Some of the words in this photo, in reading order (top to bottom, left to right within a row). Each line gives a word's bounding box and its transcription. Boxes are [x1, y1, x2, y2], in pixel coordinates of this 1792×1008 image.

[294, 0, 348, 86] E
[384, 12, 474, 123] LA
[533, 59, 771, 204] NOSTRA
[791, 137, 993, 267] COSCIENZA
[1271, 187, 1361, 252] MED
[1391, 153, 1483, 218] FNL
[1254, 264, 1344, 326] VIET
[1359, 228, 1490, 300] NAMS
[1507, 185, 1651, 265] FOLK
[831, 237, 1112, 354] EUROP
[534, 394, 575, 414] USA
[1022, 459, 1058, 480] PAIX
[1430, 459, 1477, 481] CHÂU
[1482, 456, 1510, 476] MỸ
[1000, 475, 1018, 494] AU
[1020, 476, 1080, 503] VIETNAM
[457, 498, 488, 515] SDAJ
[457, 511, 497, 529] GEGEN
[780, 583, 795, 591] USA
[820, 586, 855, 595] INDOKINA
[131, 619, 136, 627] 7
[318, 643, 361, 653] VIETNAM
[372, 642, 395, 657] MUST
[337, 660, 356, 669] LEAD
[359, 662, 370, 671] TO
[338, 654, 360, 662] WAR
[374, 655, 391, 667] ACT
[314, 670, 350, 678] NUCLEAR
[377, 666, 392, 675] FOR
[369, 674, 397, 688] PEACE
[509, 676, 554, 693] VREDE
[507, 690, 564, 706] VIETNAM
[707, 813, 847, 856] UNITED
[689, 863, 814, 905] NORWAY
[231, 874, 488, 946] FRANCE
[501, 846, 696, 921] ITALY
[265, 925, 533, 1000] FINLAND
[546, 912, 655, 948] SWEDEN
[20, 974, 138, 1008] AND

→ **Task directions**
Exactly as given, repeat every record above.

→ **Expected output**
Some of the words in this photo, in reading order (top to bottom, left to right within a row). Each line gives a word's bounding box and its transcription. Boxes are [x1, y1, x2, y2], in pixel coordinates of this 1792×1008 image.

[294, 0, 348, 86] E
[384, 12, 474, 123] LA
[533, 59, 771, 204] NOSTRA
[791, 137, 993, 267] COSCIENZA
[1271, 187, 1361, 252] MED
[1391, 153, 1483, 218] FNL
[1254, 264, 1344, 326] VIET
[1359, 228, 1490, 300] NAMS
[1507, 185, 1651, 265] FOLK
[831, 237, 1112, 354] EUROP
[534, 394, 575, 414] USA
[1022, 459, 1058, 480] PAIX
[1430, 459, 1477, 481] CHÂU
[1482, 456, 1510, 476] MỸ
[1000, 475, 1018, 494] AU
[1020, 476, 1080, 503] VIETNAM
[457, 498, 488, 515] SDAJ
[457, 511, 497, 529] GEGEN
[780, 583, 795, 591] USA
[820, 586, 855, 595] INDOKINA
[131, 619, 136, 627] 7
[318, 643, 361, 653] VIETNAM
[372, 642, 395, 657] MUST
[337, 660, 356, 669] LEAD
[359, 662, 370, 671] TO
[338, 654, 360, 662] WAR
[374, 655, 391, 667] ACT
[314, 670, 350, 678] NUCLEAR
[377, 666, 392, 675] FOR
[369, 674, 397, 688] PEACE
[509, 676, 554, 693] VREDE
[507, 690, 564, 706] VIETNAM
[707, 813, 847, 856] UNITED
[689, 863, 814, 905] NORWAY
[231, 874, 488, 946] FRANCE
[501, 846, 696, 921] ITALY
[265, 925, 533, 1000] FINLAND
[546, 912, 655, 948] SWEDEN
[20, 974, 138, 1008] AND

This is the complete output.